Simply put, in this example, if 10,000 patients with this profile were to undergo a low radiation dose heart scan, 1,000 heart deaths may potentially be prevented at the risk of two additional persons developing cancer. While the calculated risk from radiation is a lifetime risk, the heart risk given in this example is only based on a 10-year risk and hence, will also increase substantially when a longer period is considered.
For patients with chest symptoms, the likelihood of finding significant heart disease is much higher than in those with no symptoms. Hence, the benefits of doing heart scans when compared to radiation risks are even more substantial.
Benefits and risks of therapeutic cardiac procedures
Cardiac procedures that are used to treat heart conditions may sometimes carry significant risks. In a recent 2013 editorial in Circulation Arrhythmia and Electrophysiology journal, the author addressed the issue of treatment for atrial fibrillation (AF), the commonest abnormal heart rhythm in the elderly.
As AF is associated with an increased risk of stroke, one of the techniques currently being used is radiofrequency ablation which involves the insertion of catheters into the heart and burning a ring around the heart tissue to isolate foci which trigger AF. However, in recent years, concerns have been raised about the presence of asymptomatic strokes following radiofrequency ablation, with a reported incidence of asymptomatic stroke as high as 39 per cent. In a worldwide survey by Cappato published in the Journal of the American College of Cardiology in 2009, the major complication rate was 4.5 per cent. For every 10,000 procedures, there were 15 deaths, 23 major strokes and 71 transient strokes. In addition, the success rate is about 2 out of 3 and there is a high rate of recurrence of AF following radiofrequency ablation.

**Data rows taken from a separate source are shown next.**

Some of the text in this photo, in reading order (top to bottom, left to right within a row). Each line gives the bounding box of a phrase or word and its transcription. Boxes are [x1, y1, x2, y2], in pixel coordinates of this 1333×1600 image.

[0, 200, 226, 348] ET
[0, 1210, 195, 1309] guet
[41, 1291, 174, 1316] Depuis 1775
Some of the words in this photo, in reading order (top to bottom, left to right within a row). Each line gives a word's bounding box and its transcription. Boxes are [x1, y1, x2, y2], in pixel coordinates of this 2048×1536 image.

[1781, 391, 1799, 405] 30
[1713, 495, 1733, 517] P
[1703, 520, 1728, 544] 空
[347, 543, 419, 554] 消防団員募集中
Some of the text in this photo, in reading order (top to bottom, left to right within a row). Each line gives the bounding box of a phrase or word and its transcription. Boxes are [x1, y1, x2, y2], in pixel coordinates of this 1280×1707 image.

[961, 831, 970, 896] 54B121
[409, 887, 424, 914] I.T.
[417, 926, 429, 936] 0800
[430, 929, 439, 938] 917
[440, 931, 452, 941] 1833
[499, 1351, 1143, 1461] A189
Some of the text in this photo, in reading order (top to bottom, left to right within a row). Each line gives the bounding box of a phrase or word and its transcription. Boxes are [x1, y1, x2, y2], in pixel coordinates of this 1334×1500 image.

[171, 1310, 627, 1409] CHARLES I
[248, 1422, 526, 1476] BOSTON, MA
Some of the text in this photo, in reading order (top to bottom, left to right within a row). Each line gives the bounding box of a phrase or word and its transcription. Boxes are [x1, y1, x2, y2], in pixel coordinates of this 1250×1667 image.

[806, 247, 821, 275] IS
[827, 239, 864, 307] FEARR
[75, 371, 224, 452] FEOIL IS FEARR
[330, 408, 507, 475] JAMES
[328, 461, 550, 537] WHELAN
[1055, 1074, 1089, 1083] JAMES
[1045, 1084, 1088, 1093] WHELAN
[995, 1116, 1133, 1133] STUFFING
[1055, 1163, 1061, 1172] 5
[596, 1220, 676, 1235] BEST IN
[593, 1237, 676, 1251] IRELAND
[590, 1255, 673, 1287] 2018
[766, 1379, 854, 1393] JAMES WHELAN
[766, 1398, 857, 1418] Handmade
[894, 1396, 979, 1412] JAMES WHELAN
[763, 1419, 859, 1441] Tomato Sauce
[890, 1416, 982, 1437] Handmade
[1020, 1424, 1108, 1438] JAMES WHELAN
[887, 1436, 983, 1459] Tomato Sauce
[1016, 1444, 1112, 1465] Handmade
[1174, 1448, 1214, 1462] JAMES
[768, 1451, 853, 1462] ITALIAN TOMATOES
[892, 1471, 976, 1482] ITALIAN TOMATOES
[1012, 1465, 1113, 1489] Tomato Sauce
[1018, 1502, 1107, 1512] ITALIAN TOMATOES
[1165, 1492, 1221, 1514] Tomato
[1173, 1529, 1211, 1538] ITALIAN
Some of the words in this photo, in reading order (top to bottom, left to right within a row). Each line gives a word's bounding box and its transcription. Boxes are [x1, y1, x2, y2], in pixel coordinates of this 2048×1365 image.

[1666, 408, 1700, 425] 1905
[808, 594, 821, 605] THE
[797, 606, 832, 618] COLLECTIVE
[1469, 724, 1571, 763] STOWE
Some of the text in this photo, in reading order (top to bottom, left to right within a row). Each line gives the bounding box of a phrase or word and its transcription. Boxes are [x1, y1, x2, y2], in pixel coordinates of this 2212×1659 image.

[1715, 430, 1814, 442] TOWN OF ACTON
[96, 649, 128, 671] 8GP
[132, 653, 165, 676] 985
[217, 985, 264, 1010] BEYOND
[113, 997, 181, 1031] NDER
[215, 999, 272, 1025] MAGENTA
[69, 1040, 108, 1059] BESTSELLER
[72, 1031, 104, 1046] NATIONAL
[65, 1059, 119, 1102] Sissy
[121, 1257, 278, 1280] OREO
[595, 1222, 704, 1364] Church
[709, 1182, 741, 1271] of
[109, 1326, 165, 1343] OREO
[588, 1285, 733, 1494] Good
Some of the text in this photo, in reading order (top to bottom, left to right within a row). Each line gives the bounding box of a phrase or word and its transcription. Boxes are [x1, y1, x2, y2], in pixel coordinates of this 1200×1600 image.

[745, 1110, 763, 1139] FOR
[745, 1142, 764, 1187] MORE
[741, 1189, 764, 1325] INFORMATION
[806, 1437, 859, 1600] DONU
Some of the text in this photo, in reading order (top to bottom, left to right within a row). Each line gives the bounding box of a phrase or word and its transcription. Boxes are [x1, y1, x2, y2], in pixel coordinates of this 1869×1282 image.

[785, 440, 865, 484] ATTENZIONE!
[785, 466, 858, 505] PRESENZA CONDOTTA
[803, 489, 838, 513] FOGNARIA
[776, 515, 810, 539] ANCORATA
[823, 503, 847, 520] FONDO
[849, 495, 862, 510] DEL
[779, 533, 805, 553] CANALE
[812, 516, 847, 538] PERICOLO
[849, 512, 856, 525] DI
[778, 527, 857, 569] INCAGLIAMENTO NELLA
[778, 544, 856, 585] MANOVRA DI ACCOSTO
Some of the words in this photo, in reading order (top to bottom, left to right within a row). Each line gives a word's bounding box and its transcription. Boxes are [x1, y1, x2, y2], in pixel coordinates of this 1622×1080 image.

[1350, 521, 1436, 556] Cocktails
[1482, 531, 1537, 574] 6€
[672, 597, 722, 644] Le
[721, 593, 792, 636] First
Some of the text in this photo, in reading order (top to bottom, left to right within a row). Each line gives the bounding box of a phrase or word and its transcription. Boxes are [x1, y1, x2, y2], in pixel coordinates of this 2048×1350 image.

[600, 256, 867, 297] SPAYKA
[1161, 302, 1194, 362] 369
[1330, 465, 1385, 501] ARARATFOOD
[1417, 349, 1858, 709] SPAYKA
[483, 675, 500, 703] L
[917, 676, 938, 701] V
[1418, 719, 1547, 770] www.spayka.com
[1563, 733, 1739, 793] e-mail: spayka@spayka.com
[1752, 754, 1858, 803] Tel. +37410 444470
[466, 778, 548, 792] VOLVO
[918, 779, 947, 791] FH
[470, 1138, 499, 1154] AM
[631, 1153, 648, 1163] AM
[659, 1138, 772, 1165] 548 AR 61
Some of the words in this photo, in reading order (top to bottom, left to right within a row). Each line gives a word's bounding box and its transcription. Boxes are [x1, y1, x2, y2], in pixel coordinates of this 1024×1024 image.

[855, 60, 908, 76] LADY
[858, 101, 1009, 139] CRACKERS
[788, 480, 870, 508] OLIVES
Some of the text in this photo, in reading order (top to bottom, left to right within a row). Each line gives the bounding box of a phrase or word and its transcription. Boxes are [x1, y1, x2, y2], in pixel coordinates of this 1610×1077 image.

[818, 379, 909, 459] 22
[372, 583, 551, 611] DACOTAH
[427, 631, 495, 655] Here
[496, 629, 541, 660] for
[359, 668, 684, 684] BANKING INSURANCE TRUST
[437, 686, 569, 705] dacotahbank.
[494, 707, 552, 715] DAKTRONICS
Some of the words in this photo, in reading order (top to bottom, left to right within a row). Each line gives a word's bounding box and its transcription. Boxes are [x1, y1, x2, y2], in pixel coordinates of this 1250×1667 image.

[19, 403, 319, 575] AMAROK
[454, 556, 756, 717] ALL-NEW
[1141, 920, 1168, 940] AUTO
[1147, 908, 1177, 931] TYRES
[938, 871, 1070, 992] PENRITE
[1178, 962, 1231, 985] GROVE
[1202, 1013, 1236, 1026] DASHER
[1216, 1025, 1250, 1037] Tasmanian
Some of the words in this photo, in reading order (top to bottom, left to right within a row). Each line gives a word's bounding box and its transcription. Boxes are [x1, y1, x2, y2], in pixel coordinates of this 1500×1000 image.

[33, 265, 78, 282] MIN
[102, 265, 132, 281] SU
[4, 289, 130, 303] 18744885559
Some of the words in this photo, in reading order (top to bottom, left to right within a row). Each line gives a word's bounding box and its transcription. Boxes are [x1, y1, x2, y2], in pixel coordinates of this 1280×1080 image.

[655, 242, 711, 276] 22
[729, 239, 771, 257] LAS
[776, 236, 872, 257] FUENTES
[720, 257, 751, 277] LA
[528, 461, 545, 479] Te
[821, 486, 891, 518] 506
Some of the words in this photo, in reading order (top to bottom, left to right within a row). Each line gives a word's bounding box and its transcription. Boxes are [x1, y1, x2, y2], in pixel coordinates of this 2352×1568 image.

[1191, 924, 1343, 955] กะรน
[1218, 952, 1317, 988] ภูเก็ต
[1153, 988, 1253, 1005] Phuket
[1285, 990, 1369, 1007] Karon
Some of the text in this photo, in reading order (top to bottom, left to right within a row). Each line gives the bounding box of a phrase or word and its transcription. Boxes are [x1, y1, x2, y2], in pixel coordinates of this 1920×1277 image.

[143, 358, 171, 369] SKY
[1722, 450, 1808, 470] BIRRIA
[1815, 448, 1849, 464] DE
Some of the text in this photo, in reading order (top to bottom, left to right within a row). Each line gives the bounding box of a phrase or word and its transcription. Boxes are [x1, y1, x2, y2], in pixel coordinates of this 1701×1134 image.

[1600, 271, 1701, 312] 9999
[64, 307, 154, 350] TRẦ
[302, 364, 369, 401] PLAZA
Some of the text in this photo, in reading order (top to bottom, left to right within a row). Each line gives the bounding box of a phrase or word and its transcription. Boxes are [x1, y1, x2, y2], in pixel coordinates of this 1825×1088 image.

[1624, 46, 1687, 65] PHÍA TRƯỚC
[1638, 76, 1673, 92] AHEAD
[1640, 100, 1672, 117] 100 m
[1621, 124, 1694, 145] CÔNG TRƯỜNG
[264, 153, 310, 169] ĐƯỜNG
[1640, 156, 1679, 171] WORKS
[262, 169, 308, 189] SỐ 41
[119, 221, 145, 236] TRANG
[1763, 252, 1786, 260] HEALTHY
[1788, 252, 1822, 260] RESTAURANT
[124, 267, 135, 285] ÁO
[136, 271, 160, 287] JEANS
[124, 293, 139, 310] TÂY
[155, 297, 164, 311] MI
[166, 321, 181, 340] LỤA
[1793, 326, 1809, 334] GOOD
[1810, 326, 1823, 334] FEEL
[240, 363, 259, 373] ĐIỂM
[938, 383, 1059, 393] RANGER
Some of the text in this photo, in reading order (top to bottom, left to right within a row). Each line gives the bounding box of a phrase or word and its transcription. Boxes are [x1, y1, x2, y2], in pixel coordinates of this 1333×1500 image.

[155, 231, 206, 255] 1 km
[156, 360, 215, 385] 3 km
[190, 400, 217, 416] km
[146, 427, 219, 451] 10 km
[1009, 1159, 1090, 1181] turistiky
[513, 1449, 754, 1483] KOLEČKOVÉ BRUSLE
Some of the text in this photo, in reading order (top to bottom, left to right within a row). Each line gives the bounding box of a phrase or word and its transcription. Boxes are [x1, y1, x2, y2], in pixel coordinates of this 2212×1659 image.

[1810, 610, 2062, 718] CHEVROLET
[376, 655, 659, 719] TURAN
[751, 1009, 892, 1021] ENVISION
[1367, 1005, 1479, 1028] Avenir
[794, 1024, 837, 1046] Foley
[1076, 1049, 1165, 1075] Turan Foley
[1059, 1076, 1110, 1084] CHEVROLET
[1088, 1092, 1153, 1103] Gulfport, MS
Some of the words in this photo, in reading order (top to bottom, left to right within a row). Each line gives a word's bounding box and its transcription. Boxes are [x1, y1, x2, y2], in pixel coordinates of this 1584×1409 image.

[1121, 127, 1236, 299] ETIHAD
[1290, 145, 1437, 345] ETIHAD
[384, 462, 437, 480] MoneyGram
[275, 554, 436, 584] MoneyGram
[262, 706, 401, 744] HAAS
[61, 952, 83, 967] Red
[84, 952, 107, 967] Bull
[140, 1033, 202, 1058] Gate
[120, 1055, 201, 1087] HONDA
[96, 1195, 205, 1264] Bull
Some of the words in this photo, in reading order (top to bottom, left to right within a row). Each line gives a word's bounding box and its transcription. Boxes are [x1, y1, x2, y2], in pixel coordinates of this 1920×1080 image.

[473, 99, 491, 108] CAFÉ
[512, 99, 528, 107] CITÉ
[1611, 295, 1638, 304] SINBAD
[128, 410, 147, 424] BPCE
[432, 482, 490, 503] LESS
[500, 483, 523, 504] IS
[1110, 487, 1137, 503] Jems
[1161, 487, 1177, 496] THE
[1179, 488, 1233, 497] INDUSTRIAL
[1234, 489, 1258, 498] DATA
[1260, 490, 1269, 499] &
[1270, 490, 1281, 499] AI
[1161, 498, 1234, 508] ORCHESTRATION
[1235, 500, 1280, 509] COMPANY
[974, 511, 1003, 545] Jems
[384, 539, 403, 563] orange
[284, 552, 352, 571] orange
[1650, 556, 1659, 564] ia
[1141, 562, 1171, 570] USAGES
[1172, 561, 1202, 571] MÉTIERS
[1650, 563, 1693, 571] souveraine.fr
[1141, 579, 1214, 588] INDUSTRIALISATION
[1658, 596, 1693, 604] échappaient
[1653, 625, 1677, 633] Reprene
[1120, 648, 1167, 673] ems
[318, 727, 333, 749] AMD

Hence, given the risks of the procedure and the high recurrence rate, medication should be considered first before considering radiofrequency ablation as an option. In contrast, there is very little doubt that opening the blocked heart artery during an acute heart attack with balloon and stent techniques has substantial benefits for the patient as compared to the risks.
When you are required to do a heart test or procedure, do remember a few Golden rules: Firstly, when a diagnostic heart test is required, a non-invasive option which has no harmful radiation is preferred.
Second, if blockage of the heart artery is suspected, always opt for a non-invasive test first before considering an invasive test.
Third, if invasive coronary angiography is proposed to confirm the presence of significant blockage of the heart artery, a CT scan of the heart arteries may be considered as an alternative as it is non-invasive. For young adults and women, a magnetic resonance imaging scan of the heart arteries, if available, will be a good alternative for women and young adults as the procedure carries no radiation risk and does not require any injection.
Fourthly, before undergoing any non-invasive scan of the heart that has harmful radiation, it may be good to understand the amount of radiation exposure from the test.
Lastly, if you are undergoing a heart procedure, you may want to understand the risk of both major complications and the risk of “silent” complications such as “silent” strokes. While the “silent” strokes may not be obvious, they can contribute to memory and cognitive impairment in later years.